■ **Brief**
Exact reproduction of all the entries is required, without any of their pictures.
-- Provided material follows --
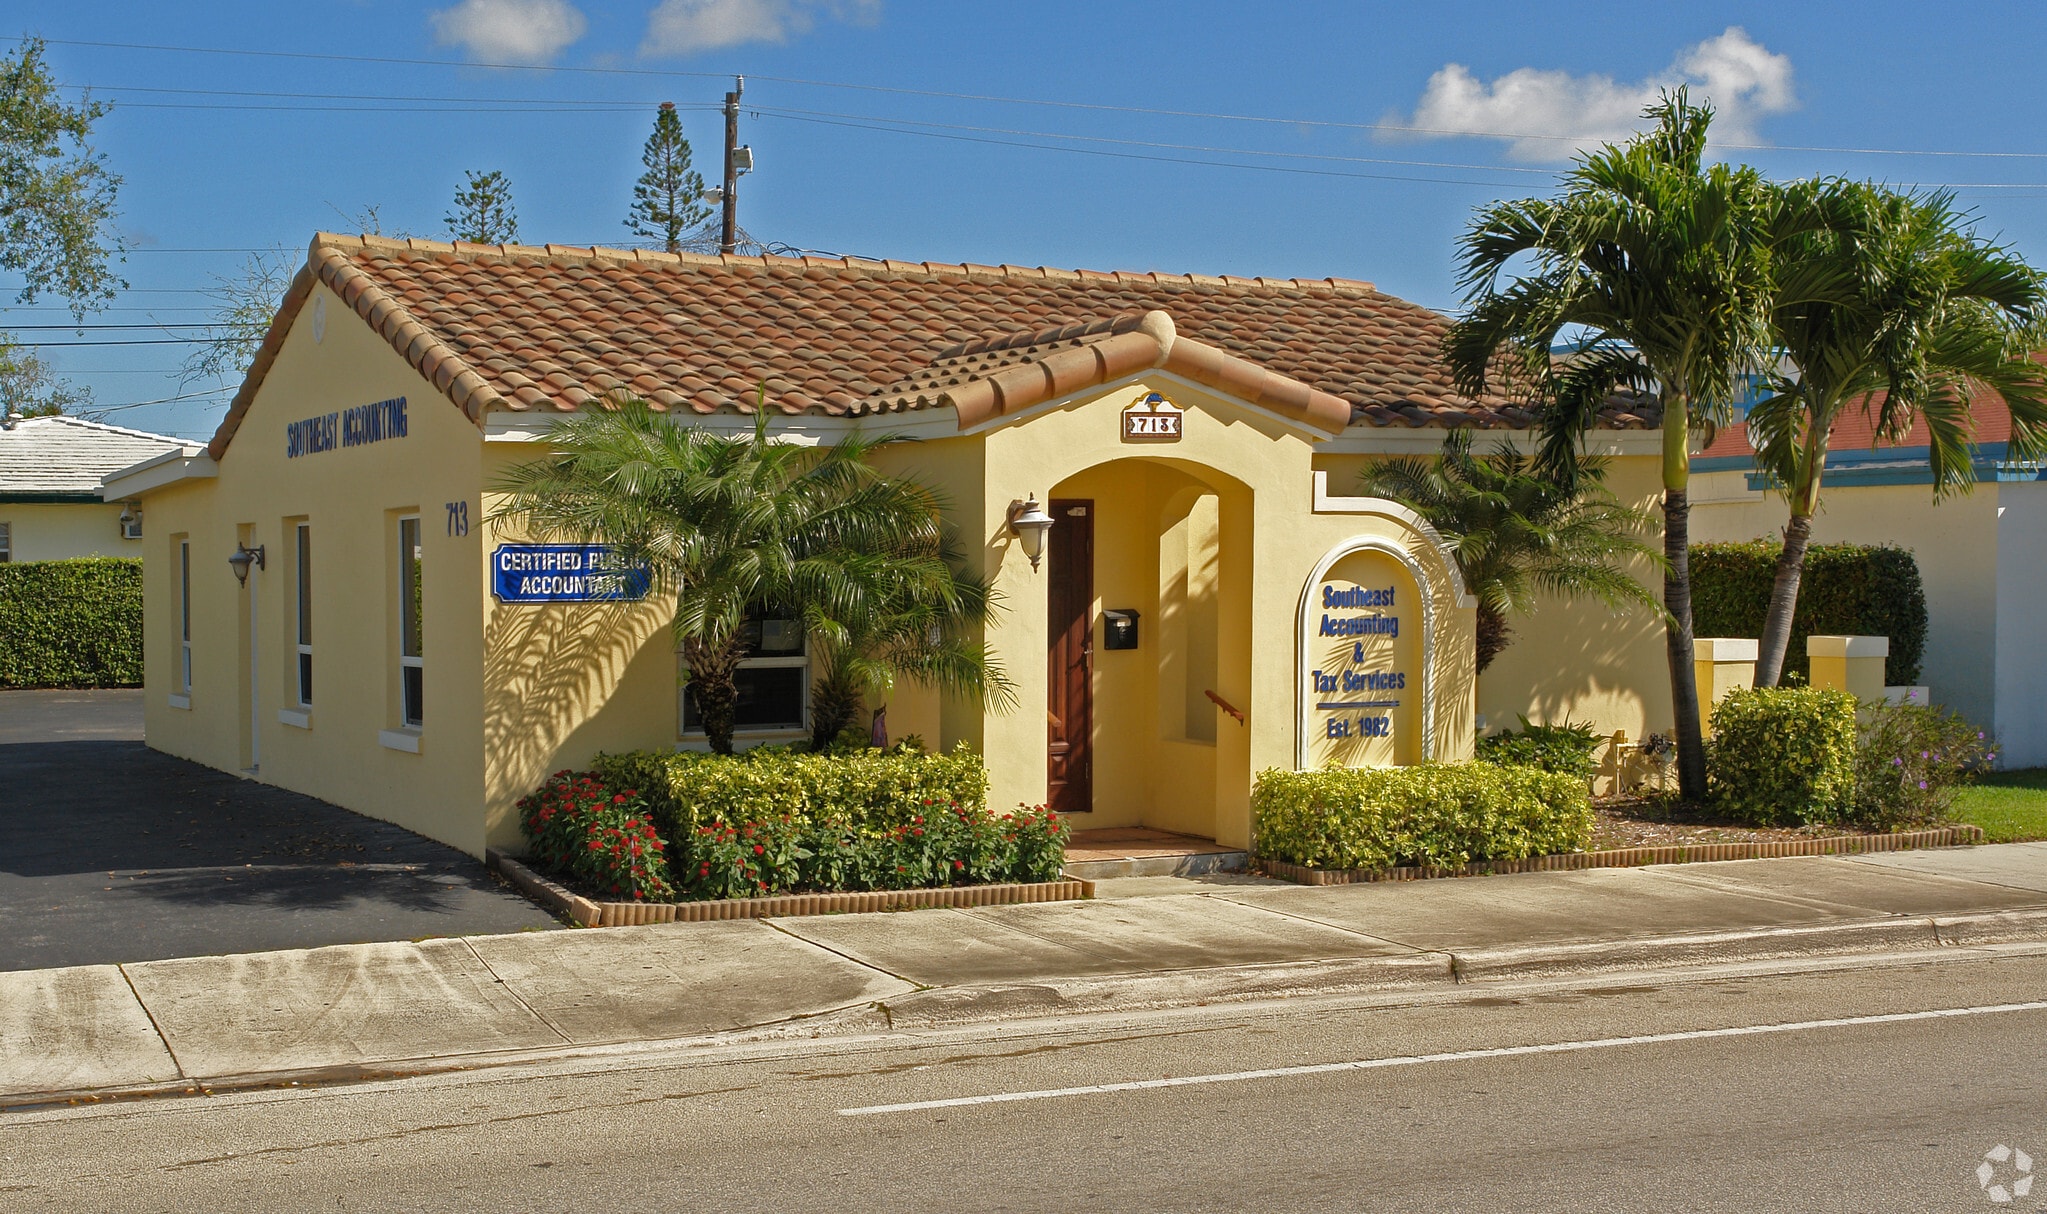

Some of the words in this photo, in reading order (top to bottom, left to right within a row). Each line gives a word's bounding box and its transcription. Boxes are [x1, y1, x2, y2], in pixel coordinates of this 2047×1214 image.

[287, 412, 339, 459] SOUTHEAST
[342, 396, 408, 448] ACCOUNTING
[1138, 418, 1169, 432] 713
[446, 501, 468, 537] 713
[501, 552, 581, 571] CERTIFIED
[1322, 585, 1395, 609] Southeast
[1319, 614, 1399, 638] Accounting
[1353, 642, 1364, 663] &
[1312, 670, 1338, 693] Tax
[1343, 669, 1406, 692] Services
[1326, 718, 1353, 740] Est.
[1358, 716, 1390, 738] 1982
-- Provided material concluded --
■ **Exercise result**
Some of the words in this photo, in reading order (top to bottom, left to right within a row). Each line gives a word's bounding box and its transcription. Boxes are [x1, y1, x2, y2], in pixel coordinates of this 2047×1214 image.

[287, 412, 339, 459] SOUTHEAST
[342, 396, 408, 448] ACCOUNTING
[1138, 418, 1169, 432] 713
[446, 501, 468, 537] 713
[501, 552, 581, 571] CERTIFIED
[1322, 585, 1395, 609] Southeast
[1319, 614, 1399, 638] Accounting
[1353, 642, 1364, 663] &
[1312, 670, 1338, 693] Tax
[1343, 669, 1406, 692] Services
[1326, 718, 1353, 740] Est.
[1358, 716, 1390, 738] 1982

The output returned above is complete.